UpBeet and Kaleing It http://upbeetandkaleingit.com/

Healthy Homemade Vegan Pizza

Happy #MeatlessMonday! Guess what time it is? It’s pizza partaaaay time. It’s a vegan pizza party (of course) filled with lots of plants, uber fabulous homemade pizza crust, refreshing pesto, marinara sauce, and a basil cashew cream sauce you probably daydream about. So I thought about buying premade crust but changed my mind about a minute later. Homemade anything is best and this crust is very easy to make. You can see just how perfect crust’s texture is in the pictures below! I bought jarred organic marinara sauce and I made the pesto and cashew cream from scratch, but don’t be intimidated because both are sooo easy to make. Healthy and Homemade Vegan Pizza was a huge hit with my family. It’s even approved by my carnivorous brother. The marinara and pesto sauces are a wonderful pairing and bursting with flavor, but the cherry on the cake is the basil cashew cream. If you want to make the fam a decadent, healthy, homemade and plant-based dinner, my vegan pizza is the perfect recipe for you.

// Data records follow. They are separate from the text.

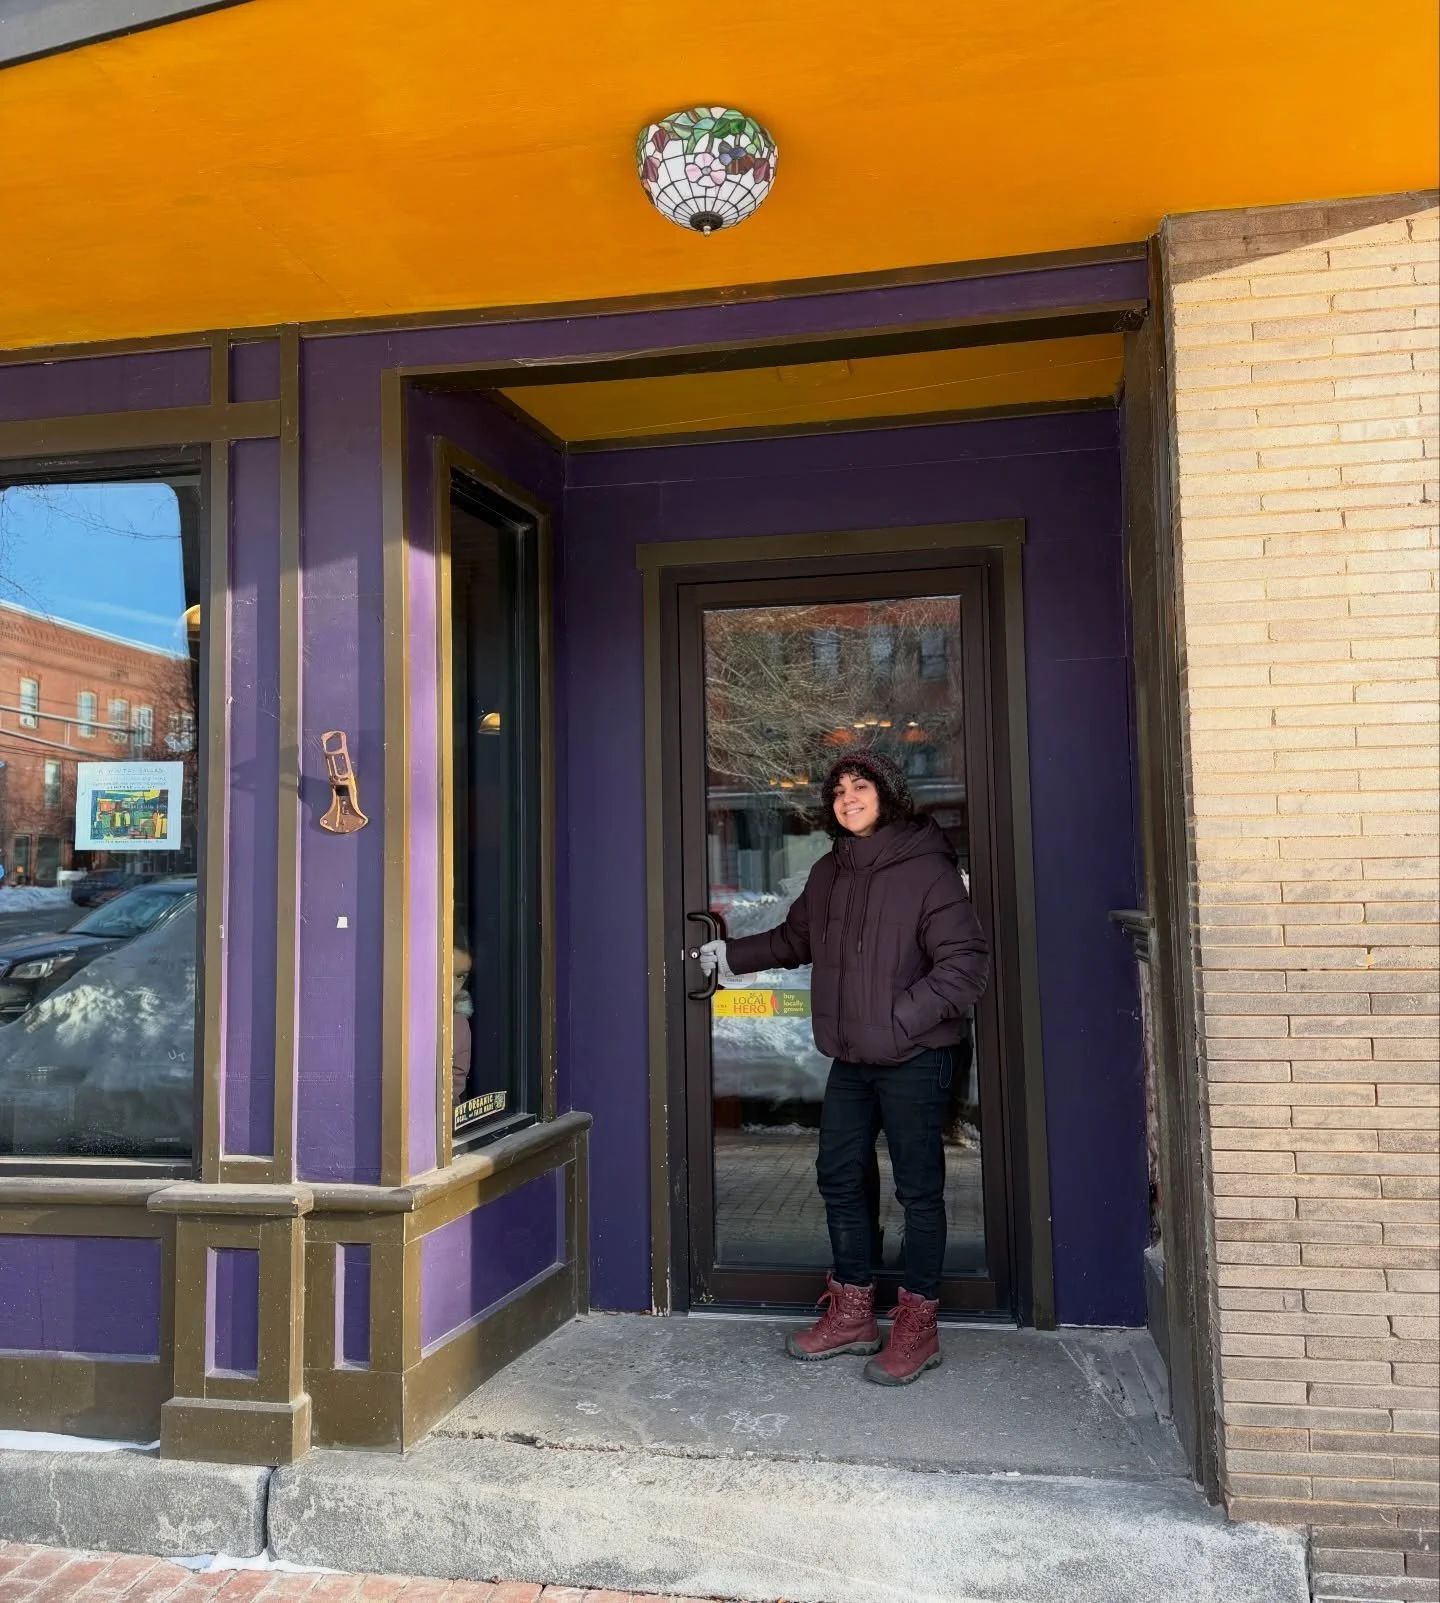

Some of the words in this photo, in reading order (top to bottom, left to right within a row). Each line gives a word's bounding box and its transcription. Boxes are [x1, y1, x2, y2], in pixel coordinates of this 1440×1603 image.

[733, 996, 766, 1005] LOCAL
[783, 992, 795, 1001] buy
[783, 1000, 804, 1008] locally
[733, 1004, 767, 1014] HERO
[468, 1094, 493, 1110] ORGANIC
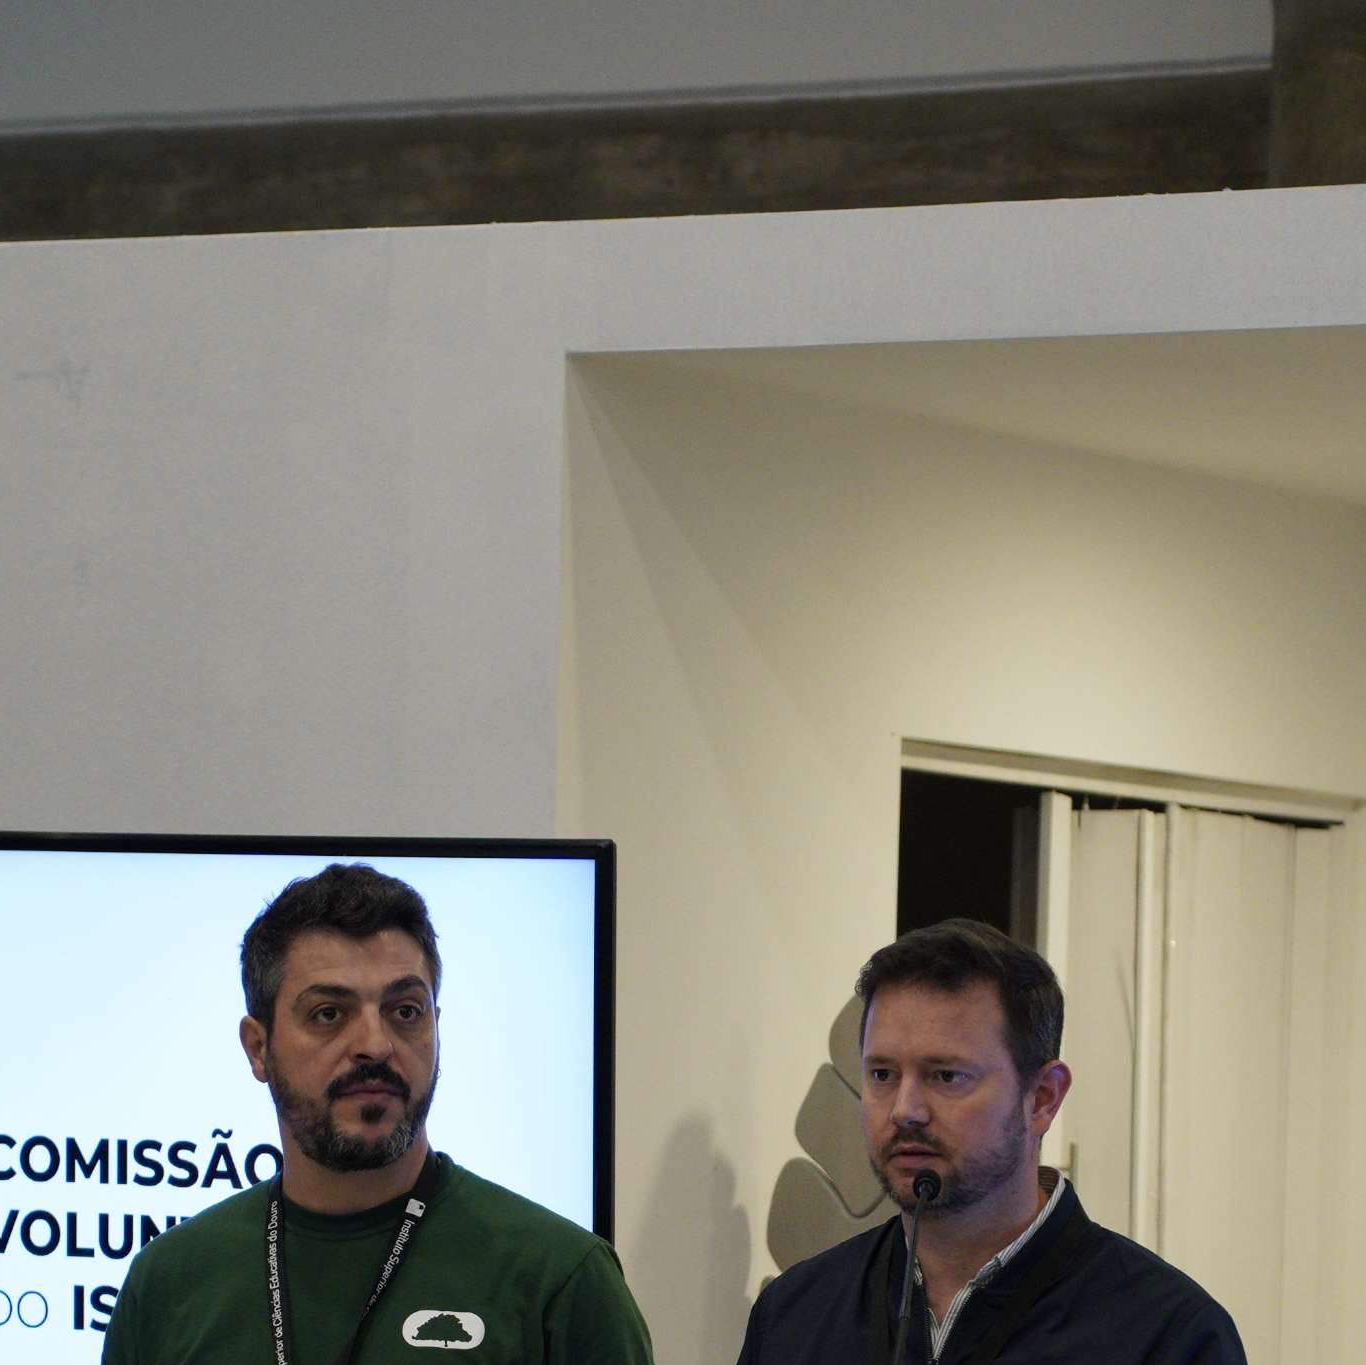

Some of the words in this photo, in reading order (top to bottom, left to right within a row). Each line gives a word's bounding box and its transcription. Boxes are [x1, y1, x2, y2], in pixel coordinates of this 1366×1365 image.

[268, 1200, 278, 1230] Douro
[268, 1231, 278, 1242] do
[392, 1219, 415, 1255] Instituto
[269, 1243, 280, 1289] Educativas
[376, 1254, 399, 1295] Superior
[272, 1289, 284, 1327] Ciências
[274, 1326, 284, 1338] de

You guysss, I’m so excited about this recipe. My Healthy Homemade Vegan Pizza is the perfect crowd pleaser for a dinner party! People won’t even realize that it’s healthy because the flavors are so bold and mouthwatering. 


This is what your crust should look like before you bake it. First, you’ll pop it in the oven for 15 minutes and then take it out, put on the toppings, and bake another 20 minutes. Then, perfection is achieved.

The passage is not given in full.